La primera obra de ficción publicada por Charles Dickens apareció en 1833, hace 191 años, en el periódico londinense The Monthly Magazine. El cuento, titulado «Mr. Minns and his Cousin» (El señor Minns y su primo), fue el primero de una serie que Dickens firmaría con el seudónimo «Boz», y que serían recogidos en libro bajo el título Sketches by Boz (Bocetos de Boz), en 1836.
El escritor inglés Charles John Huffam Dickens (1812-1870), considerado uno de los grandes novelistas de la literatura universal, alcanzó la celebridad justamente por sus novelas cargadas de profundo humanismo e incisiva crítica social (Oliver Twist, David Copperfield, Tiempos difíciles, Grandes esperanzas, entre muchas otras), pero nunca dejó de escribir cuentos y noveletas, e incursionó además en la poesía, el ensayo, el teatro y el periodismo.

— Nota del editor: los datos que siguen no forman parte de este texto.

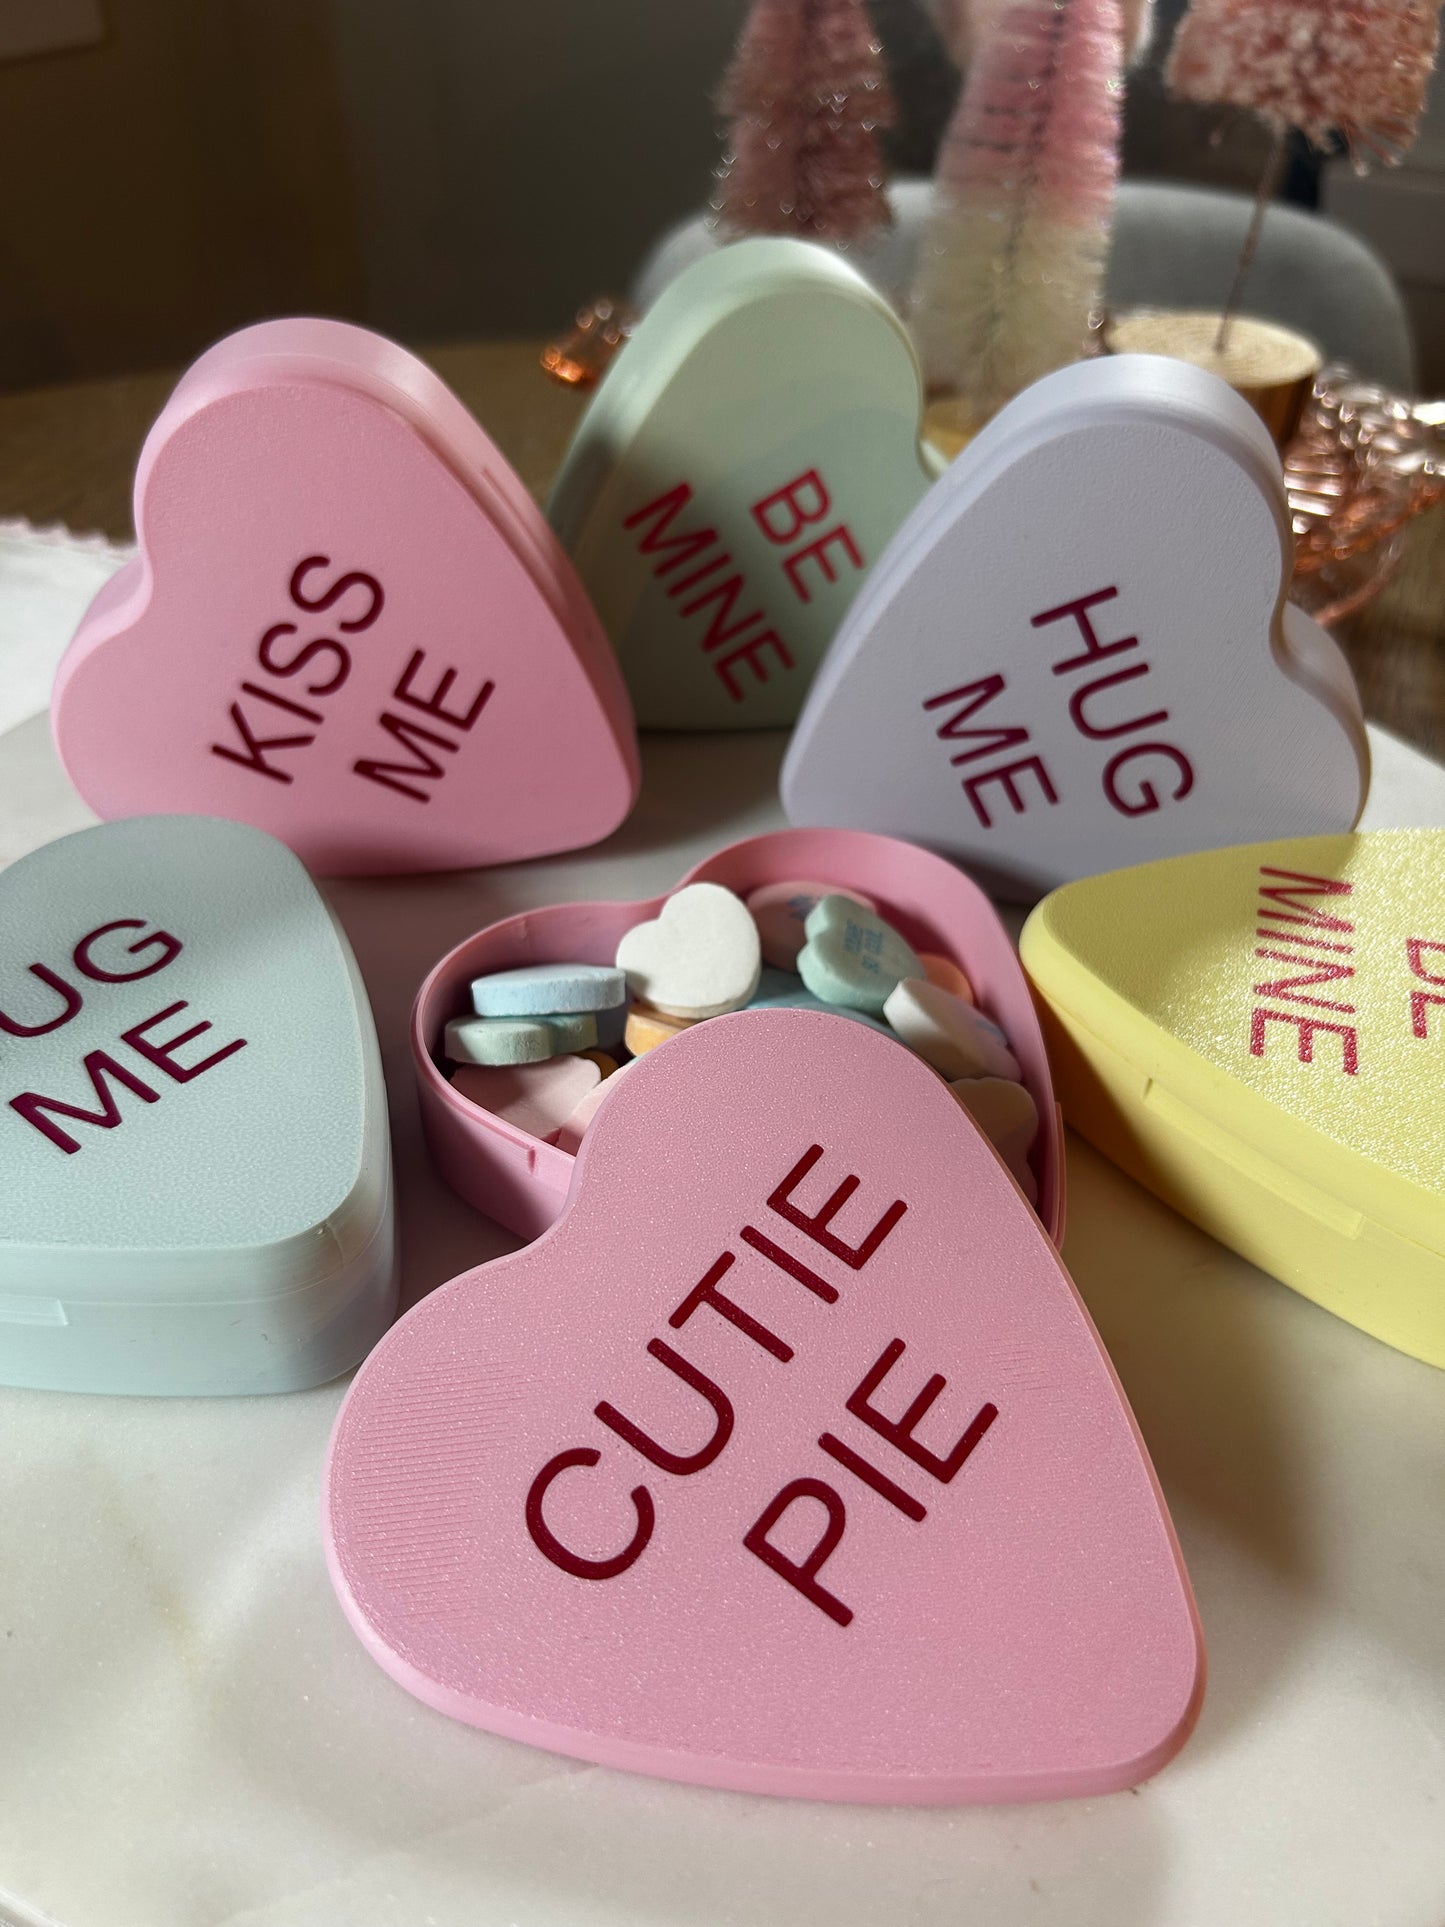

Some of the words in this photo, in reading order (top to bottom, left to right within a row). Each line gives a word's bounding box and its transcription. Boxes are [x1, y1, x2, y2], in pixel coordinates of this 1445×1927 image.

Dickens disfrutó de un extraordinario éxito, y varias de sus obras fueron verdaderos bestsellers. Muchas fueron adaptadas al teatro en vida de su autor, y en fecha tan temprana como 1913 se realizó una película muda basada en Los papeles póstumos del Club Pickwick; sus cuentos y novelas han sido llevados al cine y la televisión en reiteradas ocasiones.
Tras su fallecimiento, circuló un epitafio impreso en el que se decía: «Fue simpatizante del pobre, del miserable y del oprimido, y con su muerte, el mundo ha perdido a uno de los más grandes escritores ingleses». El novelista fue sepultado en la llamada «Esquina de los Poetas» de la Abadía de Westminster.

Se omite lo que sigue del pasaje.